The common feature of all anxiety disorders is that of threat intolerance. For those affected by anxiety disorders there is the perception that harm will occur if threat is not avoided entirely. The threat of harm could be real or imagined. Harm can also be to physical and emotional well-being or to status and position. Everyone worries. What separates the chronically anxious from others is the persistence of symptoms that disrupt the person’s social, relationship and work-life performance. Anxiety disorders are the most common mental disorders in society affecting about 18% of the U.S. adult population.
The brain is hardwired to experience anxiety. There are real threats, so anxiety is protective in nature. For some, there is an overreaction to stress perhaps resulting from the interaction of genetic predisposition and the environment or what is termed stressors. It is known that anxiety disorders tend to run in families. Anxiety disorders are carry a high comorbidity with other mental disorders such as depression and substance abuse. The National Institute of Mental Health characterizes the following anxiety disorders:
- Generalized Anxiety Disorder (GAD): persistent worry about life circumstances such as in employment, finances, relationships, and health. The worry is excessive despite the circumstances, and although recognized as unwarranted, individuals are not easily able to calm themselves;
- Social Anxiety Disorder (SAD): a chronic fear of being negatively evaluated and judged by other individuals. Persons with SAD may habitually avoid certain social situations or tolerate them with extreme discomfort. They are prone to being embarrassed easily thus affecting the formation and maintenance of relationships;
- Panic Disorder: an intense, unexpected, and sudden fear reaction characterized by heart palpitations, sweating, a feeling of impending doom, unreality, and shortness of breath that becomes associated with a specific activity such as driving and going to a public event. Avoidance of those activities can become chronic and disabling;
- Specific Phobia: an intense fear reaction to a specific object or situation that is unrealistic and persistent. Common specific phobias include heights, insects, public speaking, and flying. If the situation is avoided, anxiety is not typically experienced, but the consequences to lifestyle and personal enjoyment can be profound;
- Post-Traumatic Stress Disorder (PTSD): as the name implies this is an anxiety disorder that develops after experiencing a potentially life threatening trauma and/or upon witnessing the sudden death of people to war, physical and sexual assault, accident, natural disaster and crime. Extreme fight-or-flight occurs when affected persons are exposed to triggers such as flashbacks, memories, thoughts, feelings, dreams, and places or situations that are like the original trauma. Anxiety persists long after the danger has passed. In severe cases, affected persons associate those situations with danger and they are avoided at all costs.

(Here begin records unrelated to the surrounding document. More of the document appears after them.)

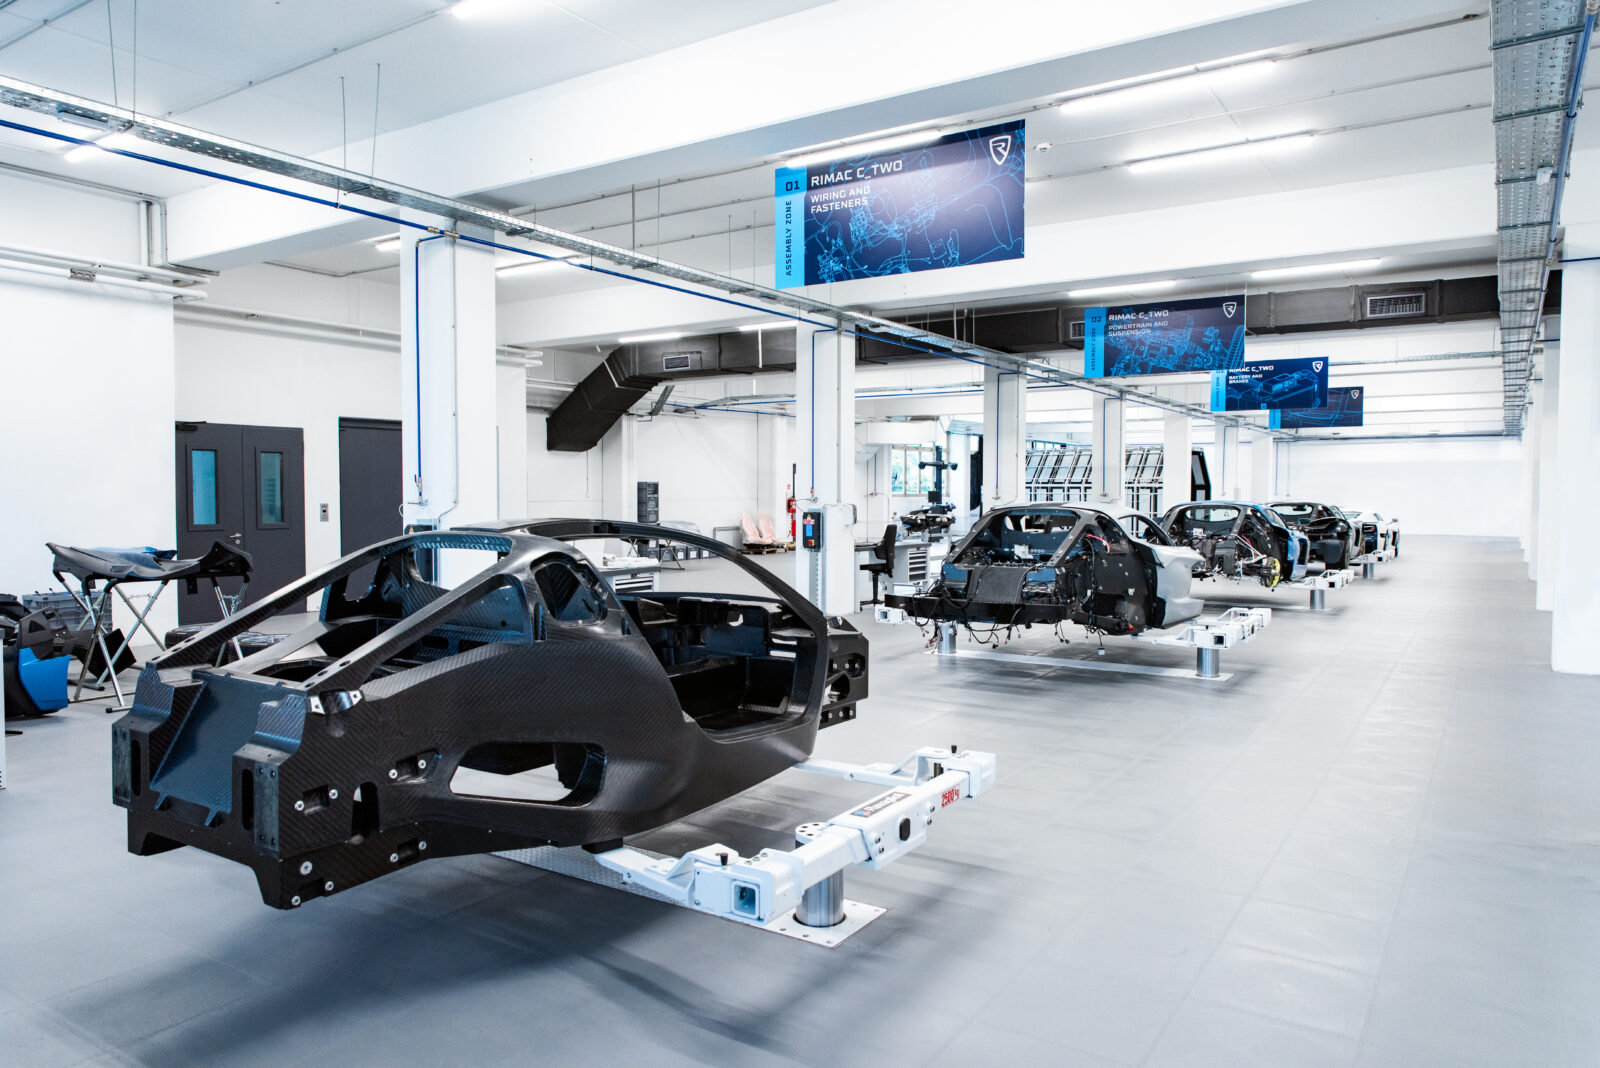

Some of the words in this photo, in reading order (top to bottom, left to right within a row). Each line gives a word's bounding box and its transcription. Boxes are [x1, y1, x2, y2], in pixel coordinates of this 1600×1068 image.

[811, 169, 853, 187] RIMAC
[857, 159, 903, 180] C_TWO
[785, 180, 800, 192] 01
[810, 189, 846, 204] WIRING
[849, 185, 871, 196] AND
[810, 196, 869, 214] FASTENERS
[1108, 312, 1137, 321] RIMAC
[1138, 309, 1169, 320] C_TWO
[1108, 322, 1153, 331] POWERTRAIN
[1153, 320, 1169, 328] AND
[1108, 328, 1151, 337] SUSPENSION
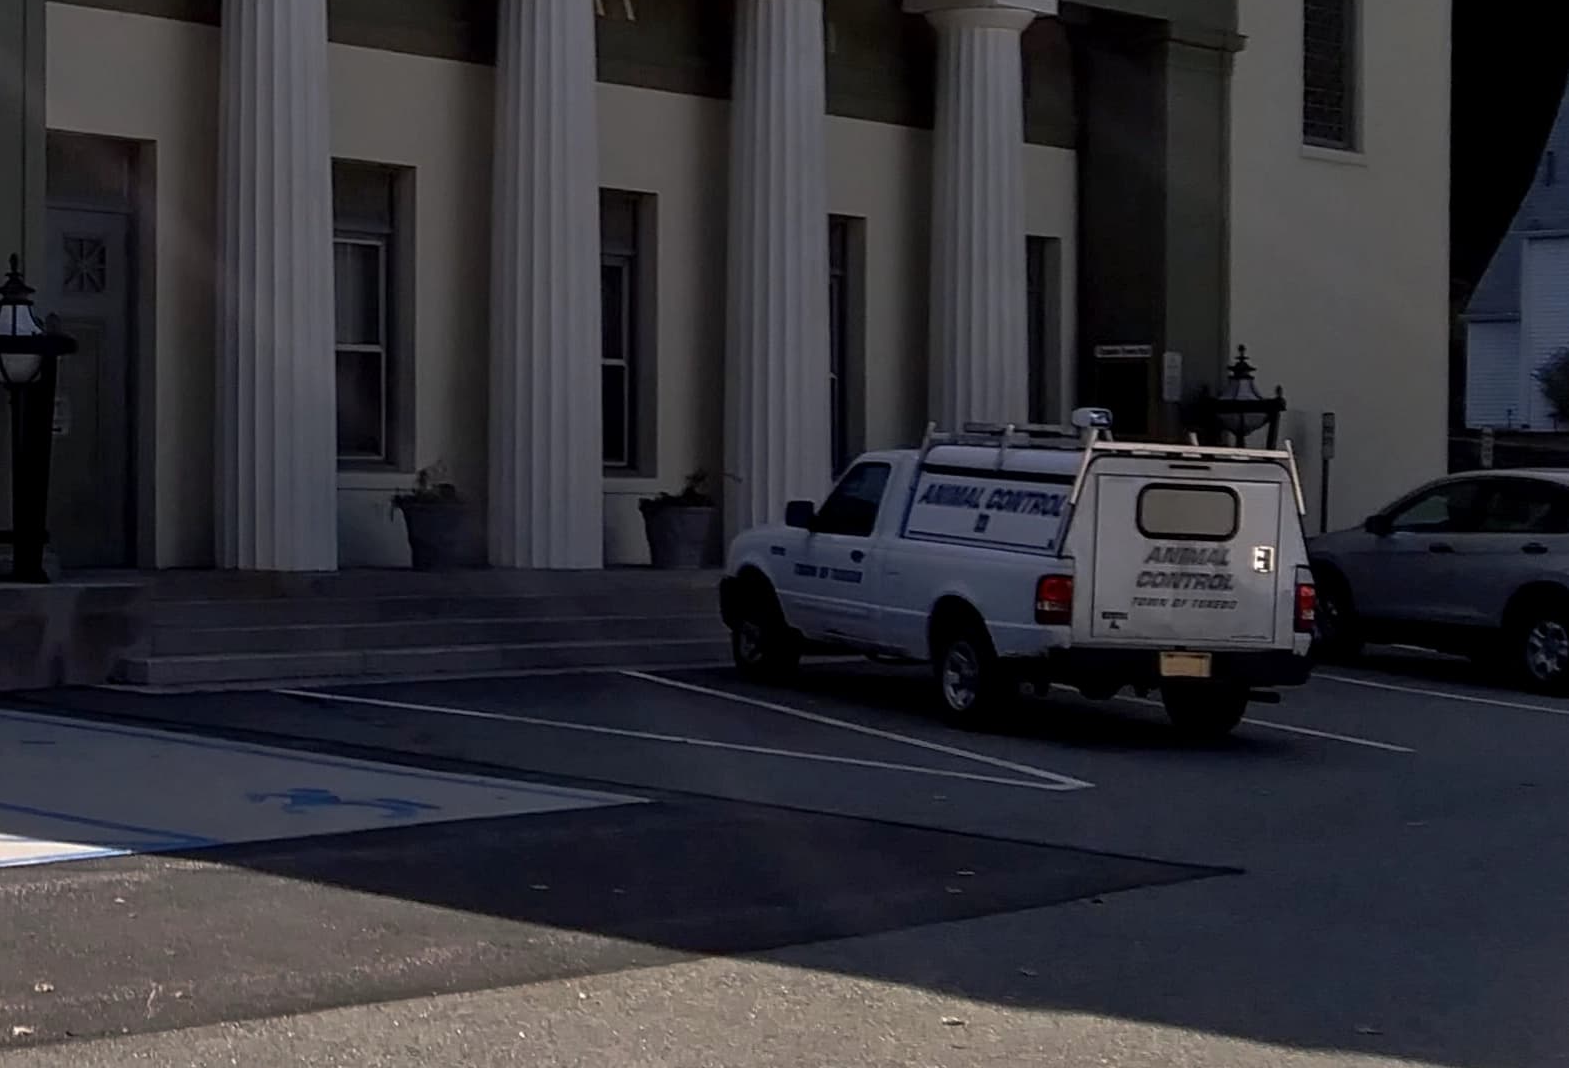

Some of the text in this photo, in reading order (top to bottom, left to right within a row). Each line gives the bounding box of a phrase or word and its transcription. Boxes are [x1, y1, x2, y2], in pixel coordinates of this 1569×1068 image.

[918, 483, 1067, 516] ANIMAL CONTROL
[1144, 546, 1232, 566] ANIMAL
[1136, 571, 1236, 590] CONTROL
[1132, 596, 1239, 610] TOWN OF TUXEDO
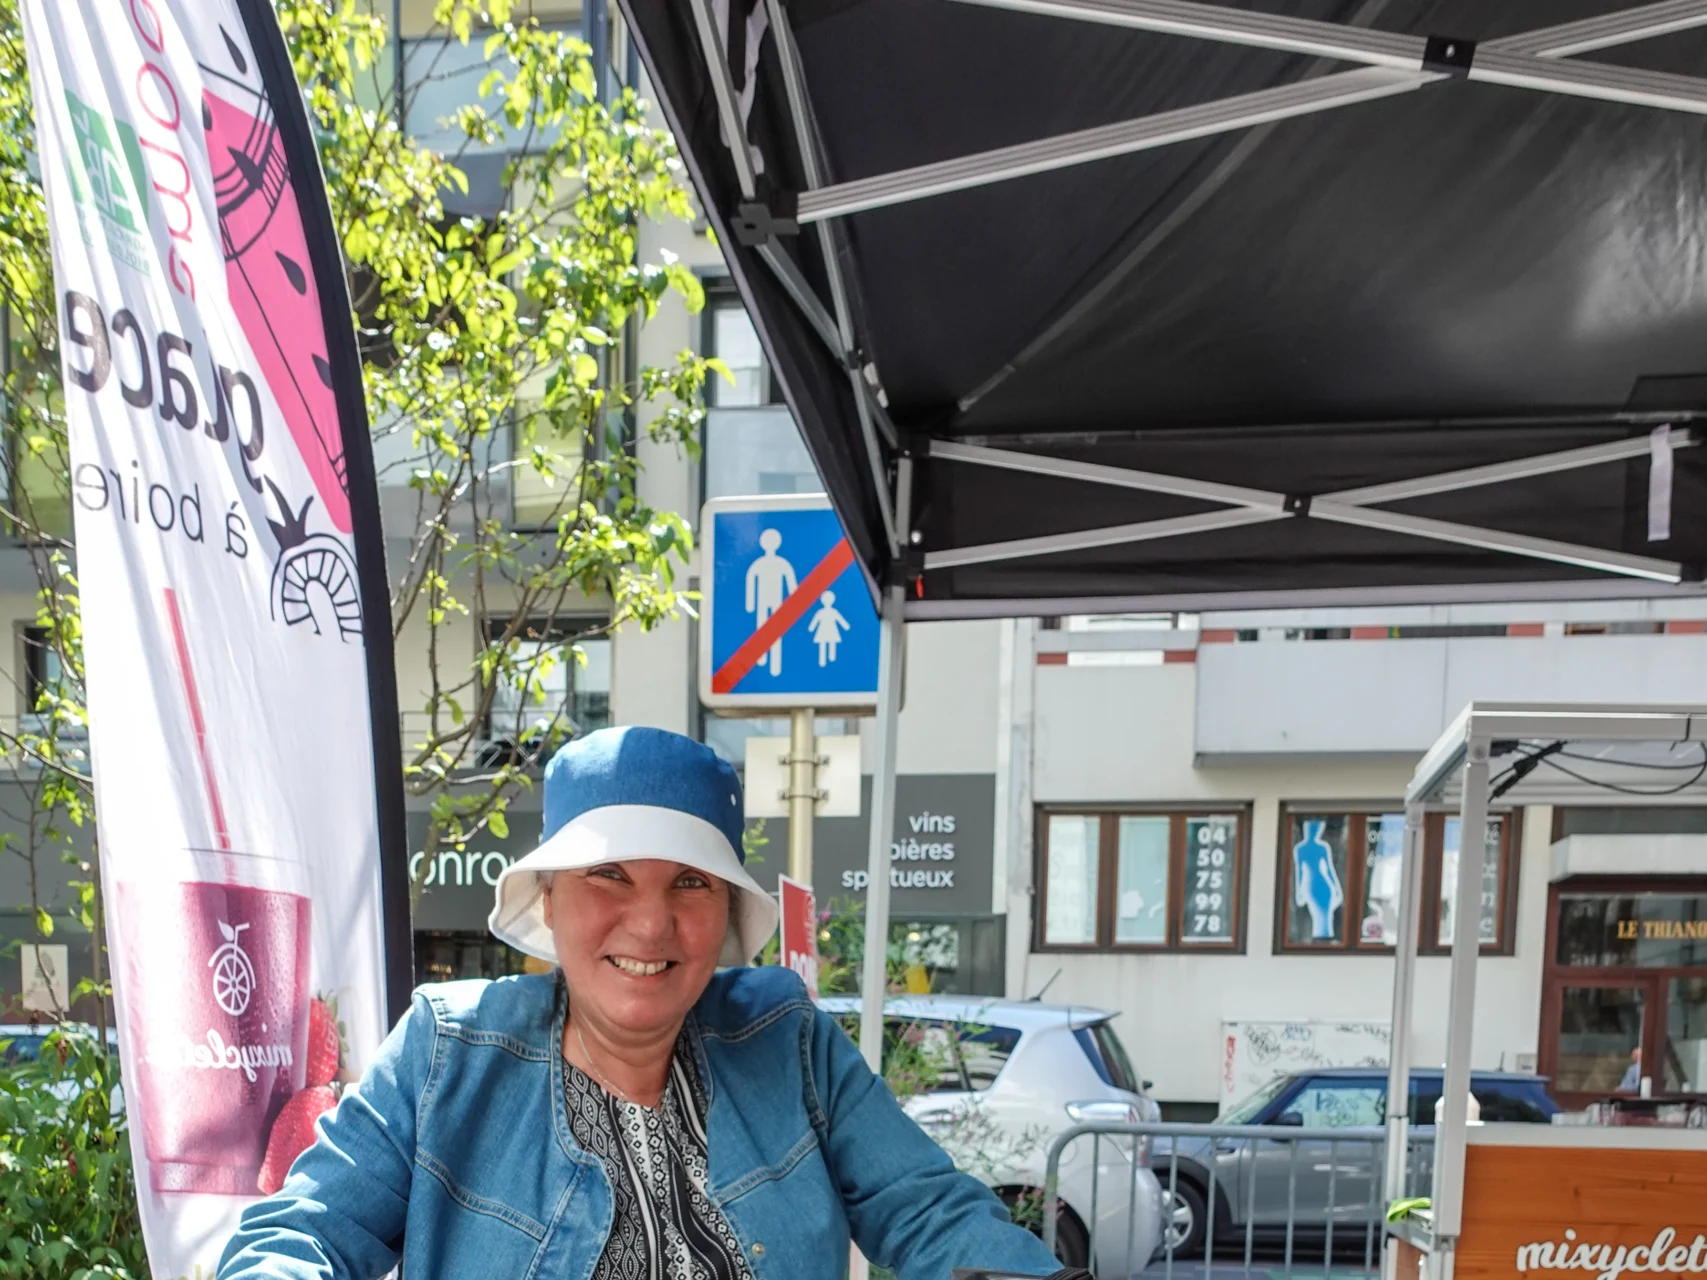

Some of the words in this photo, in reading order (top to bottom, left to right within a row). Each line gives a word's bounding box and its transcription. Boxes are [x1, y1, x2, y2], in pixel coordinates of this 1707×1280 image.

[908, 811, 956, 833] vins
[1197, 826, 1227, 845] 04
[1197, 849, 1226, 867] 50
[409, 851, 516, 887] onro
[841, 867, 955, 892] sptueux
[1196, 870, 1223, 889] 75
[1194, 892, 1223, 911] 99
[1194, 915, 1222, 933] 78
[1617, 920, 1639, 939] LE
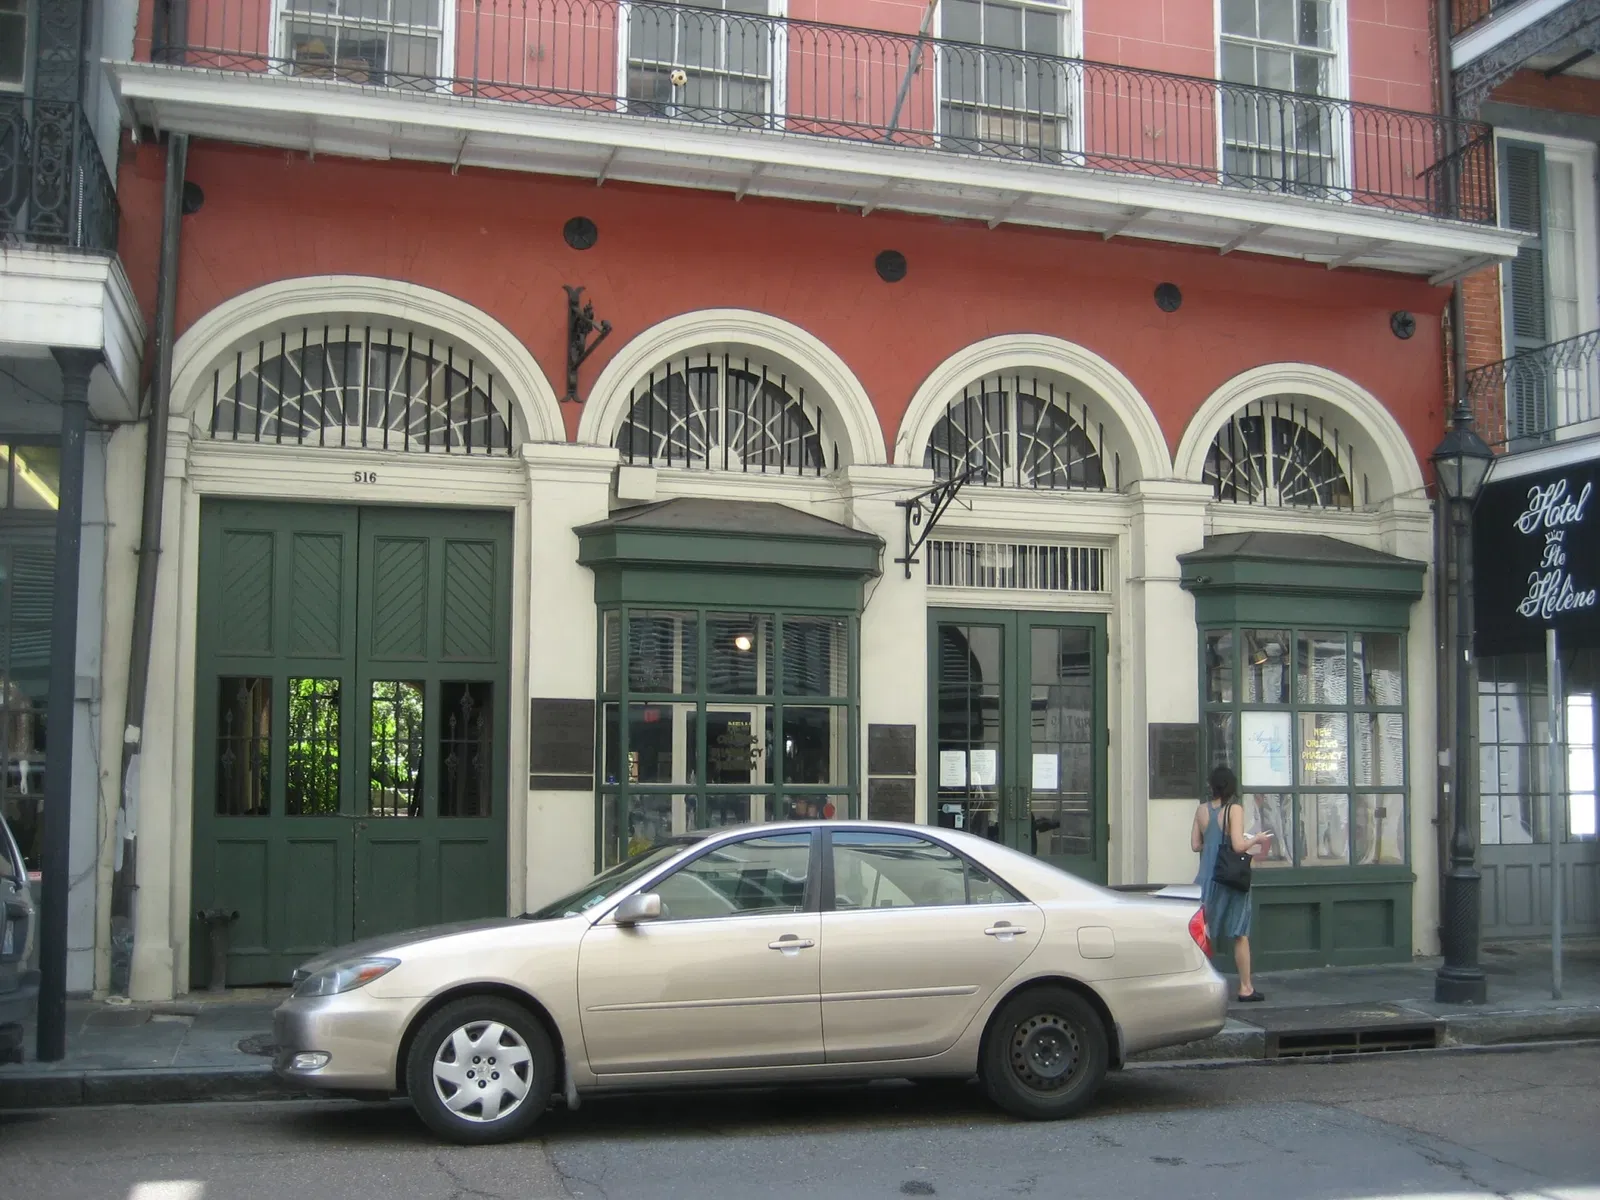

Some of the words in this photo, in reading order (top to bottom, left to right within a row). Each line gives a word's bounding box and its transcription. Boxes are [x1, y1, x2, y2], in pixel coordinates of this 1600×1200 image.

[354, 471, 377, 483] 516
[1513, 478, 1592, 534] Hotel
[1540, 544, 1566, 568] Ste
[1516, 568, 1596, 619] Hélène

The most effective treatment for anxiety disorders is Cognitive Behavioral Therapy (CBT). CBT teaches folks to feel better through a variety of techniques such as thought restructuring, behavioral activation, exposure, and experiments to test assumptions and disconfirm faulty beliefs. CBT is effective in helping individuals to get the most out of life and to accomplished their most cherished goals in life
 Kessler RC, Chiu WT, Demler O, Walters EE. Prevalence, severity, and comorbidity of twelve-month DSM-IV disorders in the National Comorbidity Survey Replication (NCS-R). Archives of General Psychiatry, 2005 Jun;62(6):617-27.